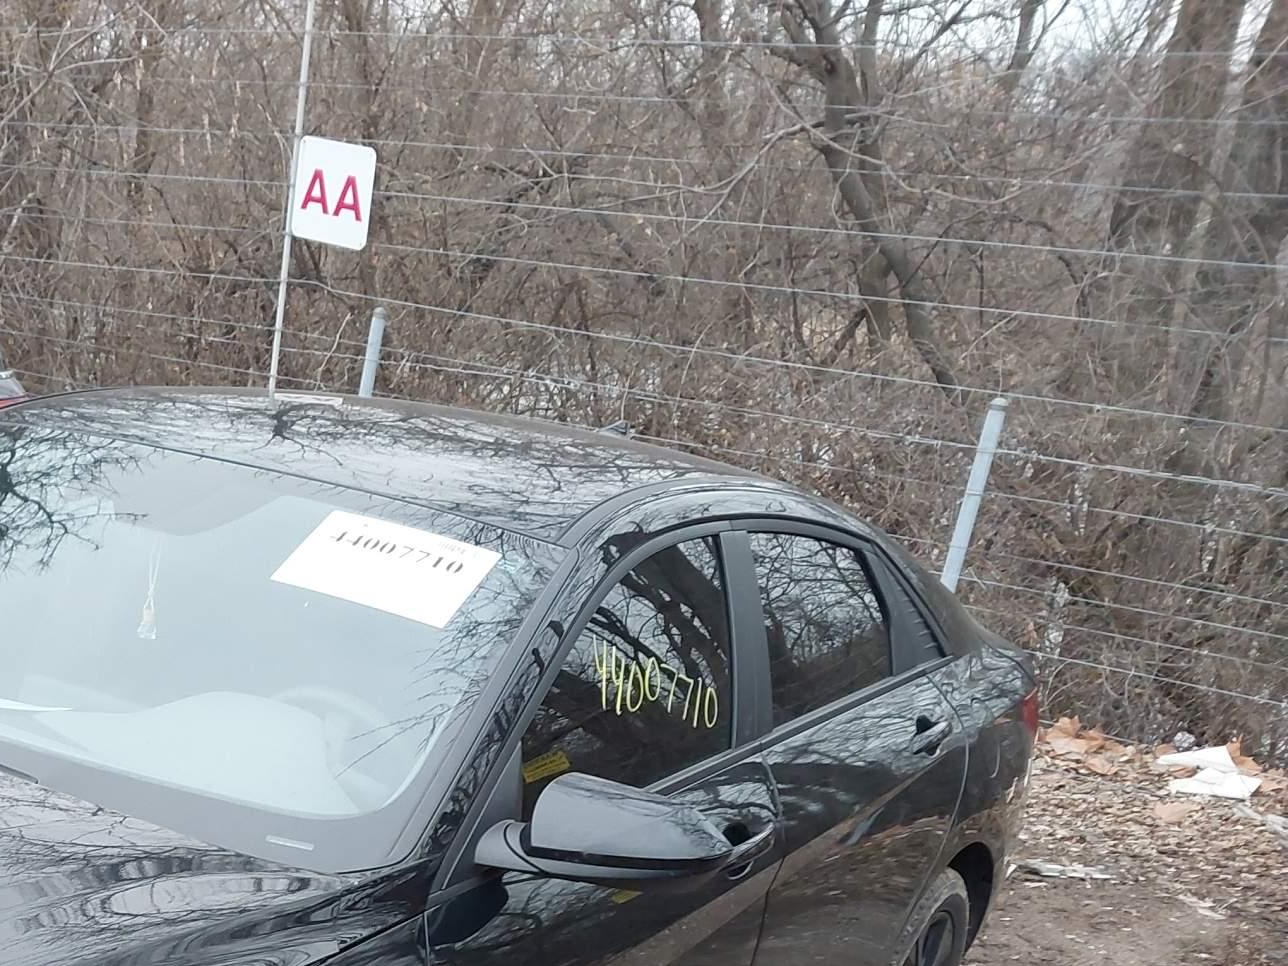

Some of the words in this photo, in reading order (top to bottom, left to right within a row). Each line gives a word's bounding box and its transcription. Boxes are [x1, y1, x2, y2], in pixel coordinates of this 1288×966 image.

[300, 168, 362, 222] AA
[329, 530, 464, 574] 44007710
[593, 634, 719, 728] 44007710
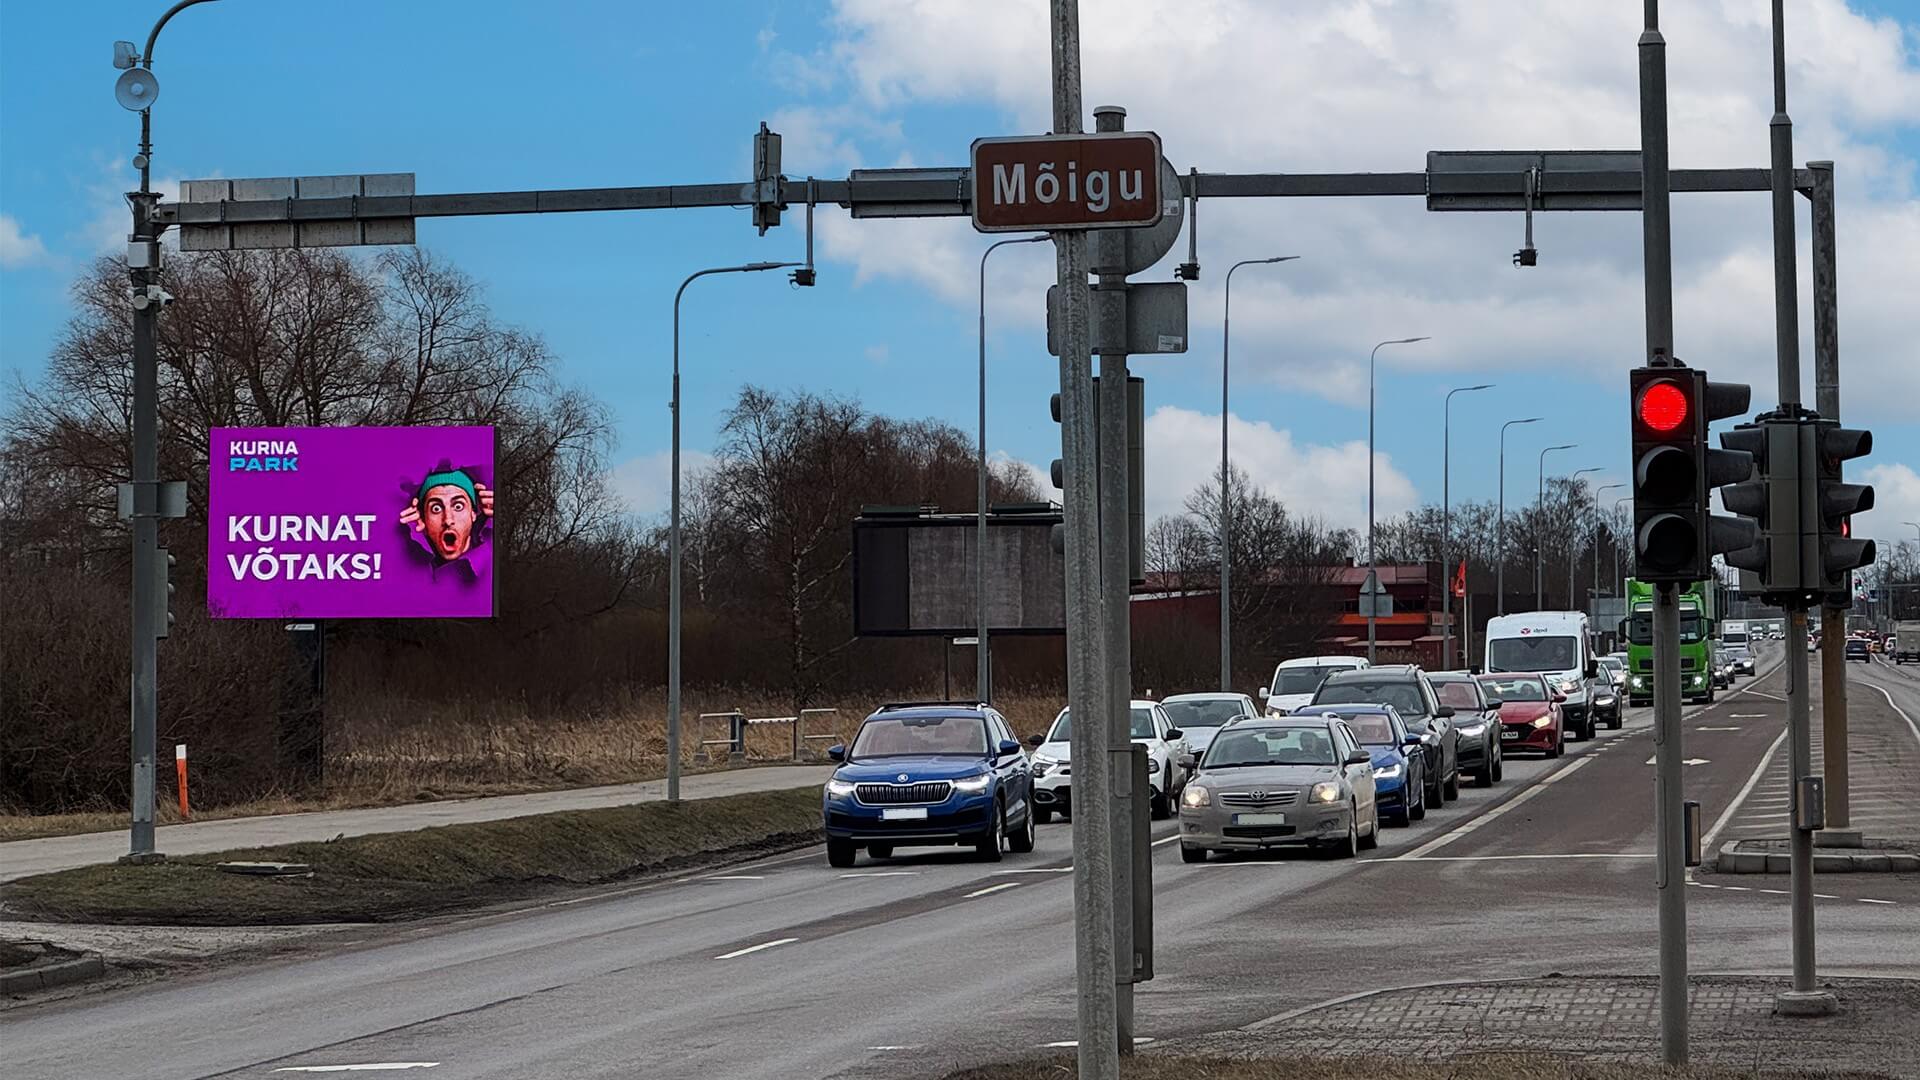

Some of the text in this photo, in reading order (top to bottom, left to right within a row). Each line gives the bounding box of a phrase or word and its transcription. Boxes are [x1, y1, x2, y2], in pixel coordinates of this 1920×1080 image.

[993, 161, 1143, 213] Mõigu
[230, 440, 299, 456] KURNA
[229, 457, 298, 472] PARK
[228, 514, 377, 542] KURNAT
[227, 546, 382, 581] VÕTAKS!
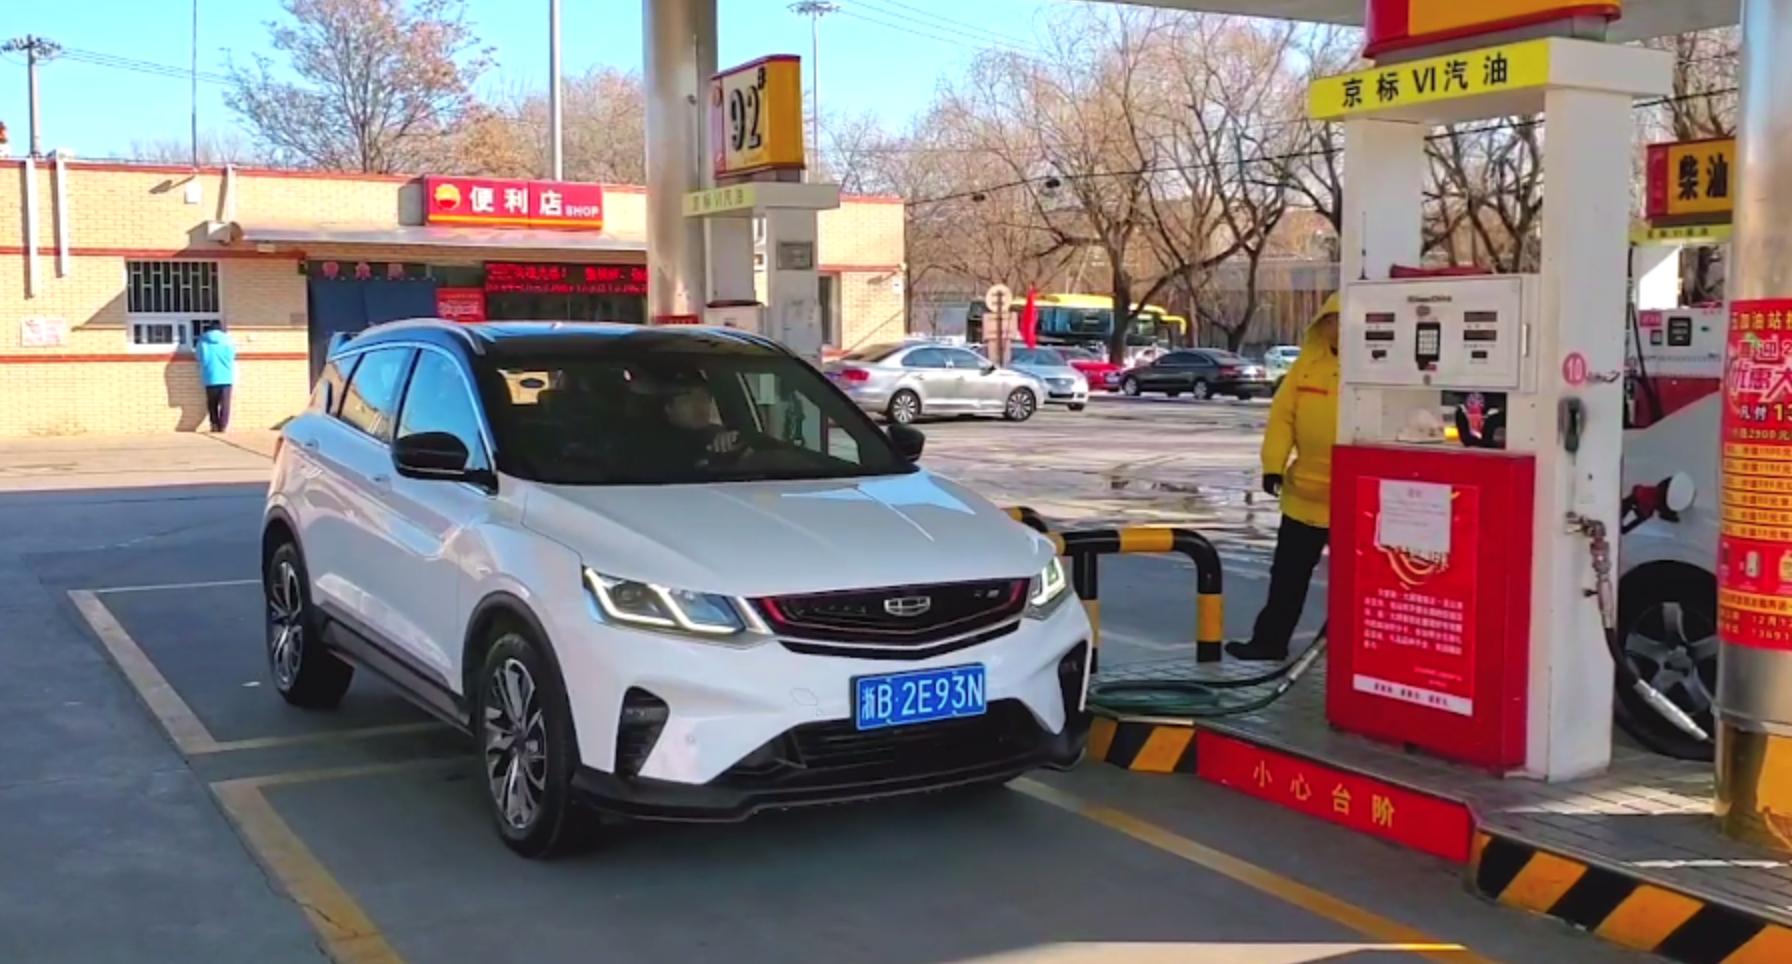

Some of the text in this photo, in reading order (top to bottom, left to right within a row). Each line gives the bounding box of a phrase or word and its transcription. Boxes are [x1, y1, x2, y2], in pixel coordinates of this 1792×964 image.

[1678, 152, 1728, 200] 柴油
[469, 185, 599, 218] 便利店 SHOP
[1567, 357, 1583, 382] 10
[1252, 759, 1396, 829] 小心台阶

• _ACTIVITY_:
Return all of the material precisely as written. No picture belongs in it.

• _TASK RESPONSE_:
Some of the words in this photo, in reading order (top to bottom, left to right within a row). Each line gives a word's bounding box and its transcription. Boxes are [x1, y1, x2, y2], in pixel coordinates of this 1288×966 image.

[300, 168, 362, 222] AA
[329, 530, 464, 574] 44007710
[593, 634, 719, 728] 44007710

Some of the text in this photo, in reading order (top to bottom, left to right within a row). Each line gives the bounding box of a phrase or word and its transcription. Boxes are [x1, y1, x2, y2], in pixel coordinates of this 1920×1080 image.

[993, 161, 1143, 213] Mõigu
[230, 440, 299, 456] KURNA
[229, 457, 298, 472] PARK
[228, 514, 377, 542] KURNAT
[227, 546, 382, 581] VÕTAKS!

Some of the text in this photo, in reading order (top to bottom, left to right within a row). Each line gives the bounding box of a phrase or word and its transcription. Boxes are [x1, y1, x2, y2], in pixel coordinates of this 1792×964 image.

[1678, 152, 1728, 200] 柴油
[469, 185, 599, 218] 便利店 SHOP
[1567, 357, 1583, 382] 10
[1252, 759, 1396, 829] 小心台阶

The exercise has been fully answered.